Work order: Could you restate the data word for word?

Start of Data listing

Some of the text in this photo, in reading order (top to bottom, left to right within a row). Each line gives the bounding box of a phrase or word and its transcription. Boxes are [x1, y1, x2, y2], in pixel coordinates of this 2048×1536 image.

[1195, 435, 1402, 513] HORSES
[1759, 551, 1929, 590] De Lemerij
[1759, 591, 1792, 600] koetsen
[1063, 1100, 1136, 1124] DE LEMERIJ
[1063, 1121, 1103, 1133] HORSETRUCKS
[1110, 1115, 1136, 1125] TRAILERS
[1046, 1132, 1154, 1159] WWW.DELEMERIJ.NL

End of Data listing

Exercise result:
Some of the text in this photo, in reading order (top to bottom, left to right within a row). Each line gives the bounding box of a phrase or word and its transcription. Boxes are [x1, y1, x2, y2], in pixel coordinates of this 2048×1536 image.

[1195, 435, 1402, 513] HORSES
[1759, 551, 1929, 590] De Lemerij
[1759, 591, 1792, 600] koetsen
[1063, 1100, 1136, 1124] DE LEMERIJ
[1063, 1121, 1103, 1133] HORSETRUCKS
[1110, 1115, 1136, 1125] TRAILERS
[1046, 1132, 1154, 1159] WWW.DELEMERIJ.NL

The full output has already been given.